Les artisans chocolatiers s’engagent aussi, à l’instar de Thierry Mulhaupt, en Alsace, qui a engagé sa petite entreprise dans une démarche durable. Cela passe non seulement par un sourcing rigoureux, mais aussi par un projet d’agroforesterie en Colombie, baptisé « Cacao for Good ». Soit l’acquisition en 2019 d’une plantation de 30 hectares de bananiers plantains sous lesquels quelque 700 cacaoyers ont commencé à pousser. « À terme, nous devrions récolter de 5 à 5,5 tonnes par an, prévoit le maître chocolatier. Cultivées en harmonie avec la nature et la population locale. »

Il fallait oser… Aller chercher le cacao sous d’autres tropiques en voilier-cargo pour limiter les émissions de CO₂. Grain de Sail, installé à Morlaix, le fait. Et son organisation est vertueuse : la vente de ses chocolats de qualité (tablettes à partir de 3,30 €) a contribué à financer la construction de deux bateaux (le second a été mis à l’eau en mars 2024).

De la fève à la tablette

Moins d’une cinquantaine de chocolatiers en France fabriquent directement depuis les fèves.

C’est le cas de la maison Bonnat. Depuis les années 1980, ce maître chocolatier de Voiron (Isère) s’est engagé dans un processus de fabrication complète. Pionnier de la démarche, il a acquis ses propres exploitations et se concentre sur la préservation de la biodiversité des variétés de cacao. Il travaille avec des partenaires locaux pour soutenir des pratiques agricoles durables.

Producteur de chocolat artisanal depuis 1948, Michel Cluizel transforme aussi les fèves dans ses propres ateliers. Il passe des contrats équitables avec des cultivateurs spécifiques, visant à promouvoir une agriculture respectueuse de l’environnement.

Le célèbre chef multi-étoilé Alain Ducasse a aussi opté, il y a dix ans, pour une approche de production artisanale, « de la fève à la tablette ». Vendu en ligne et dans 25 boutiques en France, son chocolat est produit dans sa Manufacture à Paris. L’équipe de son chef chocolatier torréfie, broie et transforme les graines. Elles sont sélectionnées par ses sourciers suivant un cahier des charges rigoureux pour ce qui est des conditions de travail des cacaoculteurs et de la protection de l’environnement.

On peut encore citer Ethiquable, une coopérative qui a ouvert en 2020 une chocolaterie dans le Gers, construite pour réduire l’empreinte carbone et relocaliser la production en France. Mais aussi La Baleine à Cabosse à Marseille, Hasnaâ à Bordeaux, 20° Nord 20° Sud à Challans, Ara Chocolat à Paris, Diggers à Lyon, Criollos à La Rochelle, ou encore Monsieur Txokola à Bayonne.

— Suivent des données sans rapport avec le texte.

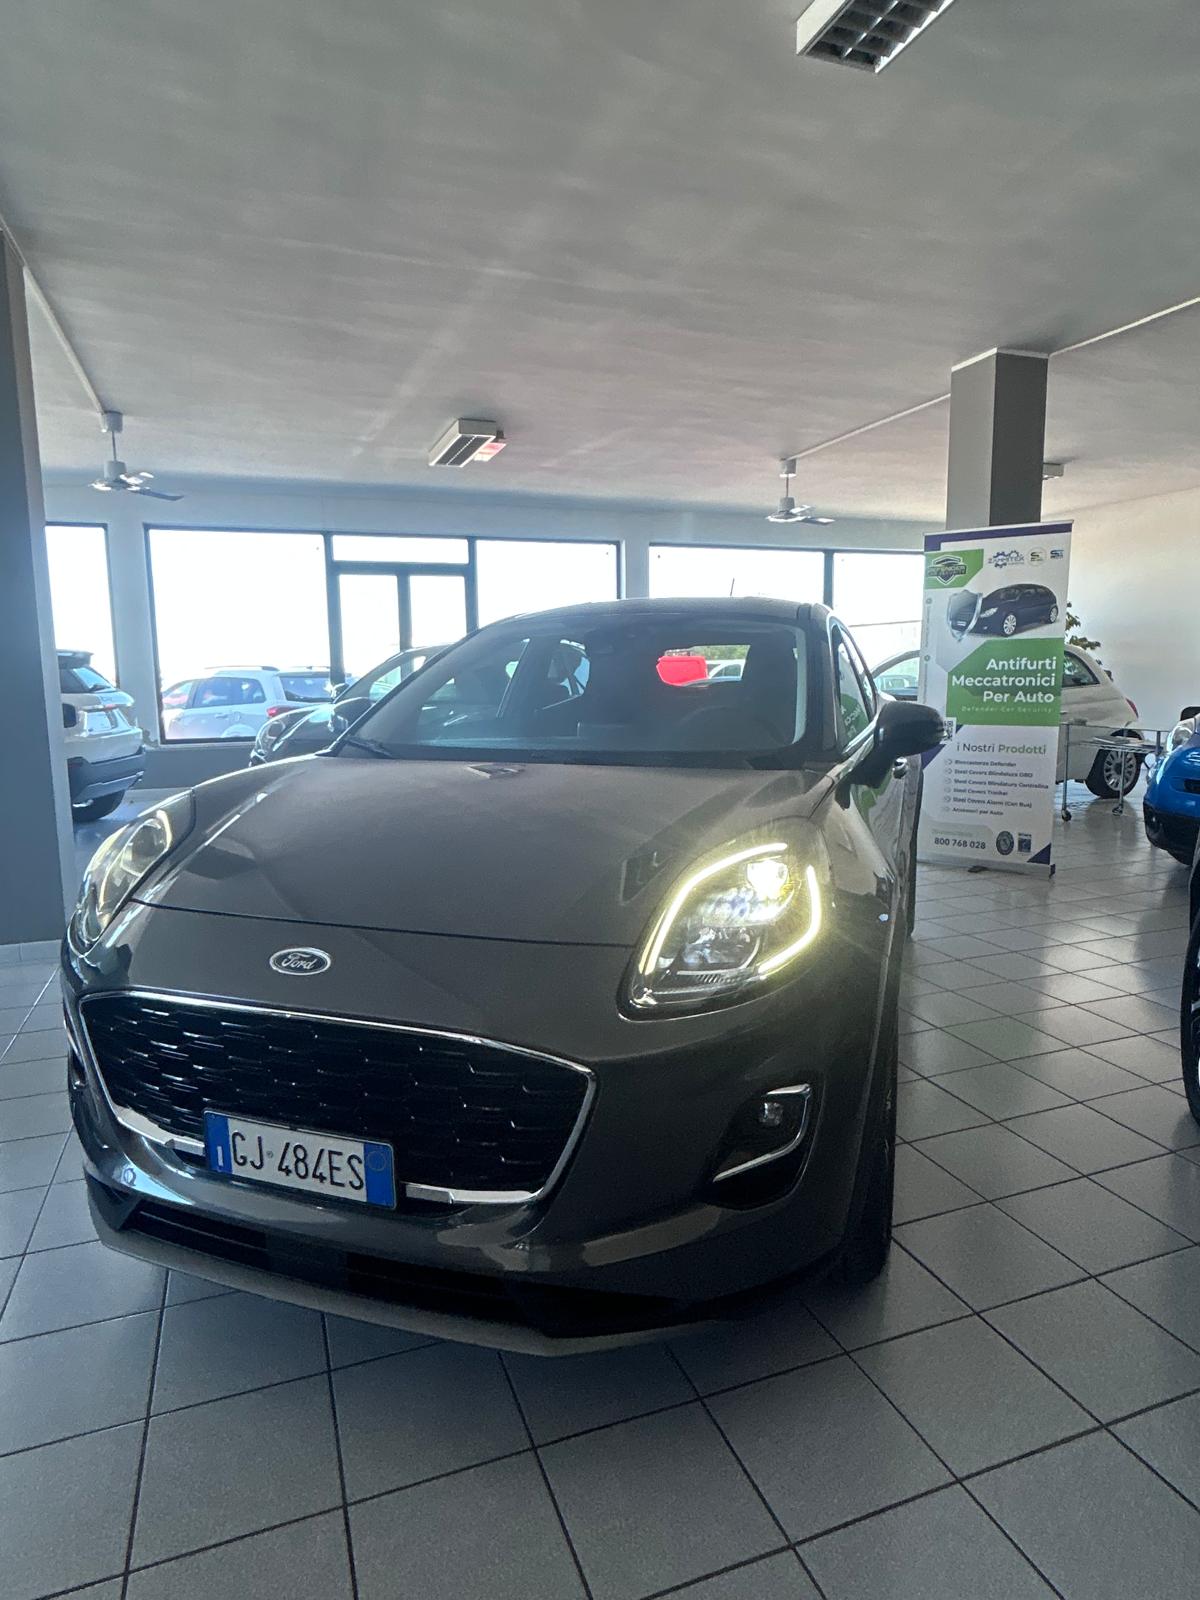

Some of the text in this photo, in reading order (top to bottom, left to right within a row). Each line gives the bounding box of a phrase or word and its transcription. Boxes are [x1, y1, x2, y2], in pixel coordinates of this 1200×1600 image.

[986, 657, 1057, 671] Antifurti
[951, 673, 1055, 687] Meccatronici
[983, 691, 1055, 703] Per Auto
[962, 743, 995, 753] Nostri
[998, 744, 1047, 755] Prodotti
[934, 837, 986, 850] 800 768 028
[281, 952, 315, 971] Ford
[231, 1131, 365, 1191] GJ 484ES
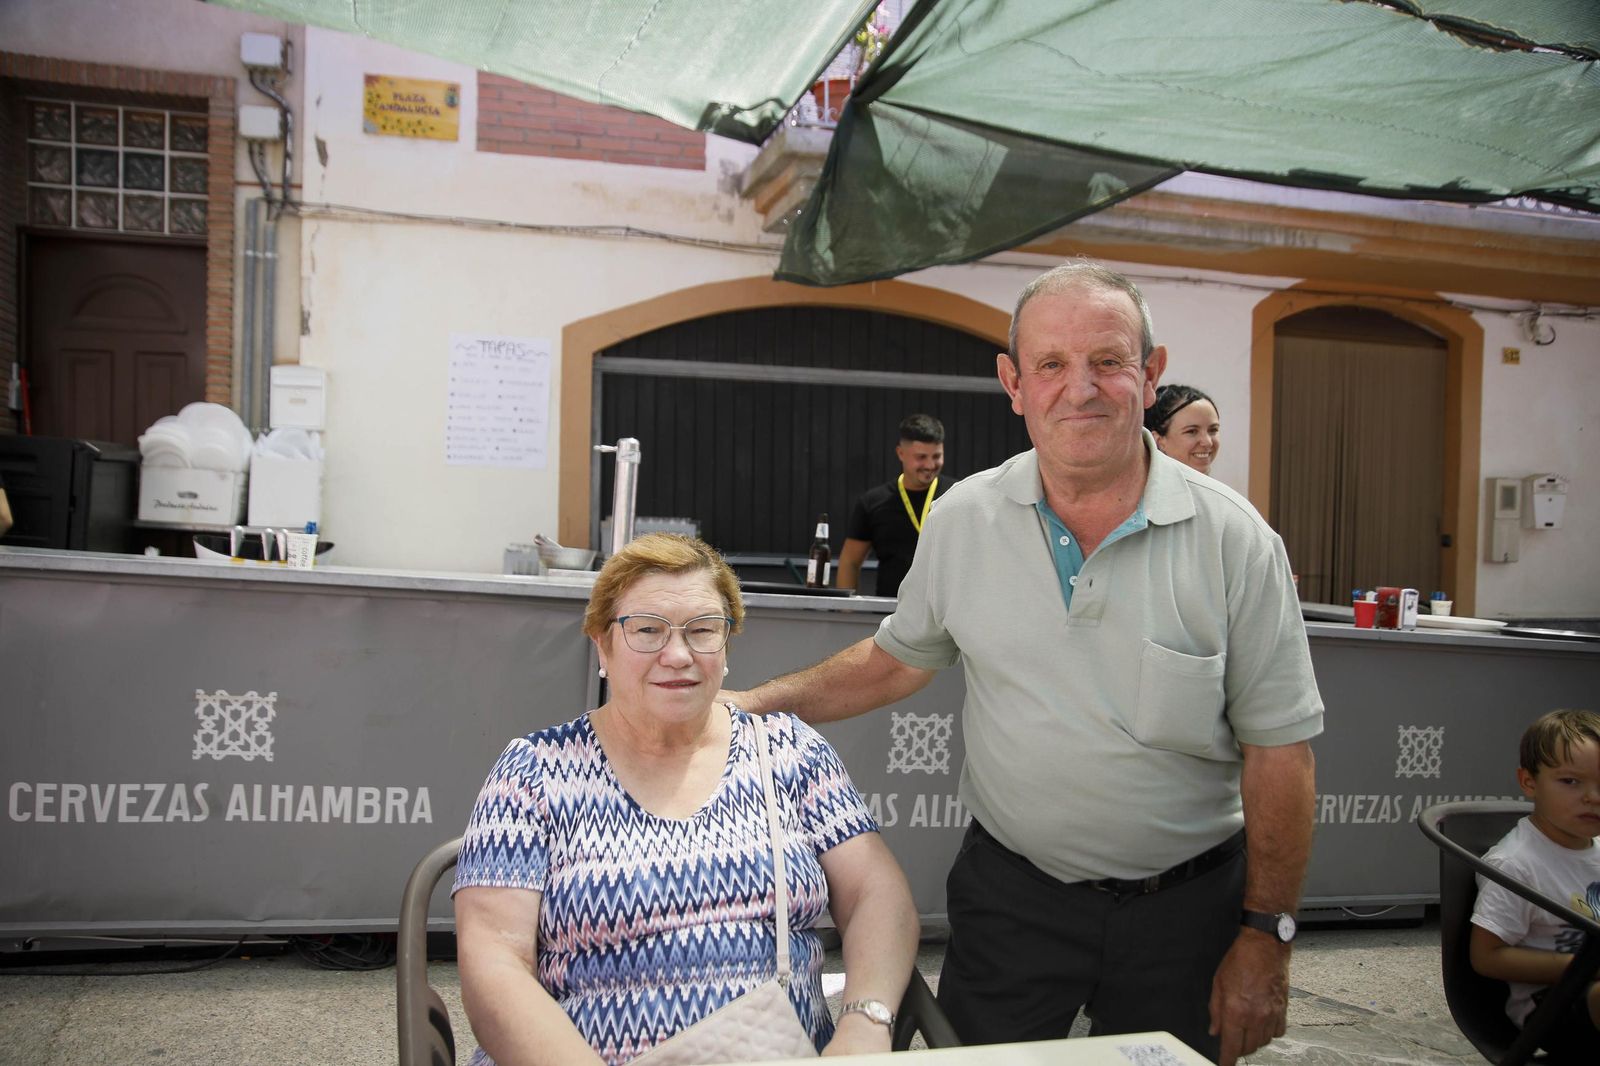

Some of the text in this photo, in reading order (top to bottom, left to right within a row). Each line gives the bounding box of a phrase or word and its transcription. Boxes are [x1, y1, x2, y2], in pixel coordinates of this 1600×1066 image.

[392, 92, 426, 103] PLAZA
[475, 339, 527, 357] TAPAS
[8, 782, 433, 824] CERVEZAS ALHAMBRA

L’union fait la force de l’engagement

Créé par la Confédération des chocolatiers et confiseurs de France (CCCF), le Club « Chocolatiers engagés » regroupe artisans et producteurs qui revendiquent de transformer la filière cacao en modèle durable.

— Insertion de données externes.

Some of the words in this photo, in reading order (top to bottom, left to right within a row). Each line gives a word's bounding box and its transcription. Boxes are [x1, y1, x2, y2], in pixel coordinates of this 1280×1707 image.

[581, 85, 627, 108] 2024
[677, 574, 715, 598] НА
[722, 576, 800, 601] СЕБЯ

Rattaché au mouvement mondial « 1% for the Planet », le chocolatier Valrhona reverse 1 % du chiffre d’affaires annuel de ses collections « Pure Origine » et « Printemps 2024 » à des associations engagées sur des enjeux environnementaux : culture durable du cacao, agroforesterie, reforestation, conditions de vie des producteurs.

Le prix du (bon) chocolat

Tout dépend bien sûr des ingrédients (fèves de cacao, fruits, grains de café…) qui contribuent à créer des bouchées ou chocolats uniques. Le prix oscille en moyenne entre 10 et 15 € le kg. Chez les chocolatiers les plus réputés, il est souvent d’au moins 60 € le kg et peut aller jusqu’à 200 € !

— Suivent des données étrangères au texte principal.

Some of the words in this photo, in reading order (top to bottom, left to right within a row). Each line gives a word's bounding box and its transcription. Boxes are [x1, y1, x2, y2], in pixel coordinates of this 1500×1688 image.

Concernant le chocolat spécifiquement bio, il est issu de cultures et techniques non intensives qui demandent plus de temps pour produire la matière première. Les rendements sont moins élevés que pour l’agriculture intensive. S’y ajoutent les coûts de contrôle et de la certification. En toute logique, il est un peu plus cher.